Tuesday was the first day of a 37 day push to collect petitions for candidates across New York State to get on the ballot on Election Day, November 5. While many people believe that candidates get on the ballot by being endorsed at political conventions, in most NYS races that is only part of the process. Outside of statewide, village, and some judicial campaigns, candidates have only one official way to get on the ballot for Election Day and that is to collect signatures on petitions.
The NYS Election Law requires candidates to collect the signatures of 5% of the registered voters from the party for which you wish to run under (or a set number). Most candidates try to get about 10% to avoid any legal challenges.
Starting Tuesday and continuing until July 11, volunteers for candidates of all parties will be ringing door bells and asking voters to sign petitions, which will later be filed at the Board of Elections. For example, I need about 375 signatures this year for the Republican line, but we plan to file over 750 signatures.

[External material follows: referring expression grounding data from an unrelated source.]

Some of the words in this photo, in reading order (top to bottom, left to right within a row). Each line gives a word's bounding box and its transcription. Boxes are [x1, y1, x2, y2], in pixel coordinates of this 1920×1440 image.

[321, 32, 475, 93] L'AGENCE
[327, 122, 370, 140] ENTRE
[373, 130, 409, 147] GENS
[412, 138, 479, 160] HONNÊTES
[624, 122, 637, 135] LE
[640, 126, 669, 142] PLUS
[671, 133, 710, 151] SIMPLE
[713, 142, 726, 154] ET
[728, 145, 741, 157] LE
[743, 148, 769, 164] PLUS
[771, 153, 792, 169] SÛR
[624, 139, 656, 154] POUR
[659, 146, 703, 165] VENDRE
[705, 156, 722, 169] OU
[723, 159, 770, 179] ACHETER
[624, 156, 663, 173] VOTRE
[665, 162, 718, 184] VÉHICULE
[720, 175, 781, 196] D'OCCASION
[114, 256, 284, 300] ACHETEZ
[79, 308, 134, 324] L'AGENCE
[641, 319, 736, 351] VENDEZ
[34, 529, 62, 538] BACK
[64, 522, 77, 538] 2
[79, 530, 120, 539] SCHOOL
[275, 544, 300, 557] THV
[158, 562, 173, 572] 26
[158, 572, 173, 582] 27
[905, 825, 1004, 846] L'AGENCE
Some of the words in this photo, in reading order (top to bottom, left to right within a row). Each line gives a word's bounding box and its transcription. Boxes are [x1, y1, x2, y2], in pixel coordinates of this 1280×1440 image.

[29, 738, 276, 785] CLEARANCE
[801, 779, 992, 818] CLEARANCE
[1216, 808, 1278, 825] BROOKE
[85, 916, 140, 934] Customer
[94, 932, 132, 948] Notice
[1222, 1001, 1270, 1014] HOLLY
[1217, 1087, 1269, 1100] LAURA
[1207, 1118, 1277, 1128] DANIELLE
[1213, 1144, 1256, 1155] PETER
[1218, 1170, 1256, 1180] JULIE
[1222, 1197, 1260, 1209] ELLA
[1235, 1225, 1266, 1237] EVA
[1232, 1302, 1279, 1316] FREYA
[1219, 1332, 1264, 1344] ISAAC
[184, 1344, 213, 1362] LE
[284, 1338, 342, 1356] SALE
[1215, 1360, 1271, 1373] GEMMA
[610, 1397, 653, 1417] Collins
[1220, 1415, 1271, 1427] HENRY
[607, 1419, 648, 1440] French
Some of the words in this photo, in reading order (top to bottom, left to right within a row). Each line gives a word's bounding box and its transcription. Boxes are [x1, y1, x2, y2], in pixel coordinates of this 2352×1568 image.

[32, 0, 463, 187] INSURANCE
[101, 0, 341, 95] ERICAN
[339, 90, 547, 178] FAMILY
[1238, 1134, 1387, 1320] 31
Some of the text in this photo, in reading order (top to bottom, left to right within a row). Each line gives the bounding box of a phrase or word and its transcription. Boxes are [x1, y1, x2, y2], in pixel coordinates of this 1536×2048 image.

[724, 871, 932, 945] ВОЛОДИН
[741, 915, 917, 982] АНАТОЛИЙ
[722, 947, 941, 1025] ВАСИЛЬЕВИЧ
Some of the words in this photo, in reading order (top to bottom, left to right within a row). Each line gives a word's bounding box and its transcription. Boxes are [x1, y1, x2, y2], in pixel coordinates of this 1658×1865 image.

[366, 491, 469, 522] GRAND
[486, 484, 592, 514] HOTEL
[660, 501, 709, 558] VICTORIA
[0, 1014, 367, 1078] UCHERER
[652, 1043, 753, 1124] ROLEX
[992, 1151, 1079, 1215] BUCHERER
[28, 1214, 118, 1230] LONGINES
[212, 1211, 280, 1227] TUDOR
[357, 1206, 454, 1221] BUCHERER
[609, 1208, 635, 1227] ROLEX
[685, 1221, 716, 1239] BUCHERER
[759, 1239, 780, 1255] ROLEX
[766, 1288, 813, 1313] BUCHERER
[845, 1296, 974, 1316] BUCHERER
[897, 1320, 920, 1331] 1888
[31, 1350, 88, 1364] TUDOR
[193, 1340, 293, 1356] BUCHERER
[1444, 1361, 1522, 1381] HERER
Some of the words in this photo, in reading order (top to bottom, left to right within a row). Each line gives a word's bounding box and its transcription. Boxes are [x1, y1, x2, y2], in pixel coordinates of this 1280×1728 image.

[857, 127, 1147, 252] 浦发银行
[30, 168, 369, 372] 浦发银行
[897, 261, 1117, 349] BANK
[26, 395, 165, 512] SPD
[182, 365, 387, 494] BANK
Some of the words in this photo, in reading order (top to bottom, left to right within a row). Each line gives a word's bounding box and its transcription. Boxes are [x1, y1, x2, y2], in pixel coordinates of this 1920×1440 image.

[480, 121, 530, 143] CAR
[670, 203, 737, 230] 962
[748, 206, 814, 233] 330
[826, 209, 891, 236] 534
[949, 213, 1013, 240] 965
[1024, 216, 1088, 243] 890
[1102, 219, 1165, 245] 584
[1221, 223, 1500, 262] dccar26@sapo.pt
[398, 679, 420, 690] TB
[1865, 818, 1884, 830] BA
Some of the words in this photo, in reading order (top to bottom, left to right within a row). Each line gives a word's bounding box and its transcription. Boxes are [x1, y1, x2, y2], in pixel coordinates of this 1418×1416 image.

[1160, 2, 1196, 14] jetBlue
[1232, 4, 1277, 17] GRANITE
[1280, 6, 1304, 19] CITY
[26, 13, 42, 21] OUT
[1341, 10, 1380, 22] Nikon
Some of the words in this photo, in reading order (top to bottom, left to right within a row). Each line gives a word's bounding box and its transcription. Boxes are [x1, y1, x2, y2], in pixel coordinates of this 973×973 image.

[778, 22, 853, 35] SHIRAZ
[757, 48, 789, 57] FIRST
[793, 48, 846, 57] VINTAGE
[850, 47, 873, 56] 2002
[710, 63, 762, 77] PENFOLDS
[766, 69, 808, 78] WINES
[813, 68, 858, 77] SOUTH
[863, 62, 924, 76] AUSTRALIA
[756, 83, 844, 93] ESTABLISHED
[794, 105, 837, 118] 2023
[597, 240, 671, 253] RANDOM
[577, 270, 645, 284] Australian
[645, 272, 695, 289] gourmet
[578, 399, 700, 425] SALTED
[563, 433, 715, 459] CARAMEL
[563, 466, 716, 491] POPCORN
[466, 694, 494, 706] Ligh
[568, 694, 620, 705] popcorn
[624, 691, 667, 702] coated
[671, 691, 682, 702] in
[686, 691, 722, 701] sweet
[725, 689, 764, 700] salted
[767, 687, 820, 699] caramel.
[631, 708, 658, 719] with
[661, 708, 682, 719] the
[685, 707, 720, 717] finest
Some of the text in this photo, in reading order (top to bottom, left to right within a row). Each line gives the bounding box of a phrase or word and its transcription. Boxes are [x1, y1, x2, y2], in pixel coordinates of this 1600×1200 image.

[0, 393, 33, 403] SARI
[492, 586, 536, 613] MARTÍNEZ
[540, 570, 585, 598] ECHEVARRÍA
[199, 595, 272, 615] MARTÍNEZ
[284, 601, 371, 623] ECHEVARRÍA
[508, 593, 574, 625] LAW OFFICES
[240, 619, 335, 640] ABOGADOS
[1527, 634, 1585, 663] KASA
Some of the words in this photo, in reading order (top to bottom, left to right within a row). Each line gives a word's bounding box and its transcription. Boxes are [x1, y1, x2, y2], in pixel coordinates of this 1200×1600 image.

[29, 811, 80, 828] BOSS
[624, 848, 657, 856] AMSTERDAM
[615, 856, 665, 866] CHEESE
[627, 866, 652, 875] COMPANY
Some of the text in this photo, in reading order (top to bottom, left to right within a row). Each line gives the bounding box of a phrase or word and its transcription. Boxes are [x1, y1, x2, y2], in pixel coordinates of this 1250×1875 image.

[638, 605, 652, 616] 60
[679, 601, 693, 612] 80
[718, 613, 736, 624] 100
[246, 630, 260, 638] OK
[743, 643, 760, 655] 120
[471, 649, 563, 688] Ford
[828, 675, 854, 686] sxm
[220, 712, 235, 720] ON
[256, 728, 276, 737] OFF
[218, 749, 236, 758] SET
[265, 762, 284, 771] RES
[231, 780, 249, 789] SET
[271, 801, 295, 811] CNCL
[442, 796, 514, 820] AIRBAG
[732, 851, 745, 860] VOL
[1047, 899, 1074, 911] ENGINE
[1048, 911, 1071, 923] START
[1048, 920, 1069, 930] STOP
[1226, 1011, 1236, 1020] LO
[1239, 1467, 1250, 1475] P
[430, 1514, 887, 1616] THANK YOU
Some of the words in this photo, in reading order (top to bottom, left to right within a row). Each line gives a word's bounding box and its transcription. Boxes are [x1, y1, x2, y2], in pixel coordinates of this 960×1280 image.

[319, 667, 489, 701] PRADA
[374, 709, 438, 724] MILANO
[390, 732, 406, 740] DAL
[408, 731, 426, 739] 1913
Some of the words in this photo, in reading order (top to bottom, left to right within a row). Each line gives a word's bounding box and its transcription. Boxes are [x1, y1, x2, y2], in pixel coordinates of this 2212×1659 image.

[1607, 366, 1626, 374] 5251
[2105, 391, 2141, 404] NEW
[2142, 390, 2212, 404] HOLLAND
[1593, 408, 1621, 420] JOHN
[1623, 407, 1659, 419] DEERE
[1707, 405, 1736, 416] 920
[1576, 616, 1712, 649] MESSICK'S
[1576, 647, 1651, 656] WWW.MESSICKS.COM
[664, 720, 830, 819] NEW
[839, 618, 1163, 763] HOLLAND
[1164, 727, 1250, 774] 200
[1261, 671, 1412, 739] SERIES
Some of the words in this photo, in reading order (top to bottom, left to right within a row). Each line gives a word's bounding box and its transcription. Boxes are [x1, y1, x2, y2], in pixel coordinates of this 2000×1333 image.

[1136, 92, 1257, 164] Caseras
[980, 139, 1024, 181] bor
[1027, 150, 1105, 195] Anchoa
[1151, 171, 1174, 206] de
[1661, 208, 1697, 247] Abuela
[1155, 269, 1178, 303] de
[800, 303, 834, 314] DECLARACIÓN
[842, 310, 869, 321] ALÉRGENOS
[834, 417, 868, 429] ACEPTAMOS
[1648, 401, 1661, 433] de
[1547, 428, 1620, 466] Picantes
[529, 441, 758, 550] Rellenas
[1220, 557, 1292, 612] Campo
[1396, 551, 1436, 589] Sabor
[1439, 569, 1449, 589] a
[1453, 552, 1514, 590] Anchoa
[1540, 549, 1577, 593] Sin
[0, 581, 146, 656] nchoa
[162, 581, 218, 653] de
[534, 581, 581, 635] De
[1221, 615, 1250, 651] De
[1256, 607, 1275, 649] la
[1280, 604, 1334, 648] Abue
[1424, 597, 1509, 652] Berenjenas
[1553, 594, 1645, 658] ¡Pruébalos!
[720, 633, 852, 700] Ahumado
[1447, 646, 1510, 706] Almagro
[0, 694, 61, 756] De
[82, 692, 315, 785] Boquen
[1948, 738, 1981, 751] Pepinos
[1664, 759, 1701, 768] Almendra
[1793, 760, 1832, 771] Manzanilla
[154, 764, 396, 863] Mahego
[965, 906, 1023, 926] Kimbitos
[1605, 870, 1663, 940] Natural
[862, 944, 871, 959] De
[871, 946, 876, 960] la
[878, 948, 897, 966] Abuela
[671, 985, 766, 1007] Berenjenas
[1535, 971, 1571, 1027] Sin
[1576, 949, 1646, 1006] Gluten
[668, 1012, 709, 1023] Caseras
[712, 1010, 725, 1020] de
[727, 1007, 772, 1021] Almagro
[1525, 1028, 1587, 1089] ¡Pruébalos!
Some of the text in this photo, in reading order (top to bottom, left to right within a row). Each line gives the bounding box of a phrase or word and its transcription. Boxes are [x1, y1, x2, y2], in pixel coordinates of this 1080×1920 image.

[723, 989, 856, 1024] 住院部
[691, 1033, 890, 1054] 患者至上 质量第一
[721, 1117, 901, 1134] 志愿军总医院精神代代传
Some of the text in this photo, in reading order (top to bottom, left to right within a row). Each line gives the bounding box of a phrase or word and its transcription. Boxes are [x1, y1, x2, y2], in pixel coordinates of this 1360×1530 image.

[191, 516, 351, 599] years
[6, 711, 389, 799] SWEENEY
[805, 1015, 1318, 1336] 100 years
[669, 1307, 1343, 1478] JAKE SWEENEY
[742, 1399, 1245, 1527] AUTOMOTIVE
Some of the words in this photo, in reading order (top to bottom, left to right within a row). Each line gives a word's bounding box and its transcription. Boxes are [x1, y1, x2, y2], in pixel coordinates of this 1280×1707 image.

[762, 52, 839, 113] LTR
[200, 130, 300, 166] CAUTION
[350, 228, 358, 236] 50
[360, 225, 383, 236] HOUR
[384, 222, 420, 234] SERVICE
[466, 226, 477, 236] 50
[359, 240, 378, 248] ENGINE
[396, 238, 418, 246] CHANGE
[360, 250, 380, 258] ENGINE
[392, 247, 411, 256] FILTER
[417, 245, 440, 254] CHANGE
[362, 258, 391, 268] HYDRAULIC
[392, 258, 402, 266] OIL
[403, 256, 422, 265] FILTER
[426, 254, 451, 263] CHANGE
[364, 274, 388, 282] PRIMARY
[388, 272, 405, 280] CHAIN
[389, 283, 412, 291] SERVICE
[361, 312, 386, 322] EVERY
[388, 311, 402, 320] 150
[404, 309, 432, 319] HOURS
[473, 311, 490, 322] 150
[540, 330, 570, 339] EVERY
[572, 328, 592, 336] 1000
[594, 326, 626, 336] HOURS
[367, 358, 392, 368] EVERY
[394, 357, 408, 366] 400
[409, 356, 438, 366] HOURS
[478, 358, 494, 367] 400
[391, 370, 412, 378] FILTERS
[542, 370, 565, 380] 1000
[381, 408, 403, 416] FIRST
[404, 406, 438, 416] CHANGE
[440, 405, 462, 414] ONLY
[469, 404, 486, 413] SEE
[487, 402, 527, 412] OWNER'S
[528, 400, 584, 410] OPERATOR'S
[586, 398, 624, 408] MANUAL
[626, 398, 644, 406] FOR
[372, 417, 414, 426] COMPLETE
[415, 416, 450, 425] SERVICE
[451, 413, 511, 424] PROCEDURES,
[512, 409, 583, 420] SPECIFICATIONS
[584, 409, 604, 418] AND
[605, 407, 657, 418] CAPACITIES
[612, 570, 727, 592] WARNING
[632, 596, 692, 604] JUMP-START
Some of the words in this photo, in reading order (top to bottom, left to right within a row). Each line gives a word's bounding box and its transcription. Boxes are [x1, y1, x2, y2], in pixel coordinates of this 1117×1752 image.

If you are a registered voter in a political party and meet the 5% signature requirement of voters from that party, you are on the ballot. If more than one candidate files petitions for a particular seat, they will face-off in a primary on September 10. If a candidate does not have a primary, he or she advances directly to the November 5 election.
For a political party of which a candidate is not a member, to run on that line you must meet the 5% signature requirement and get permission from that party to run on its line.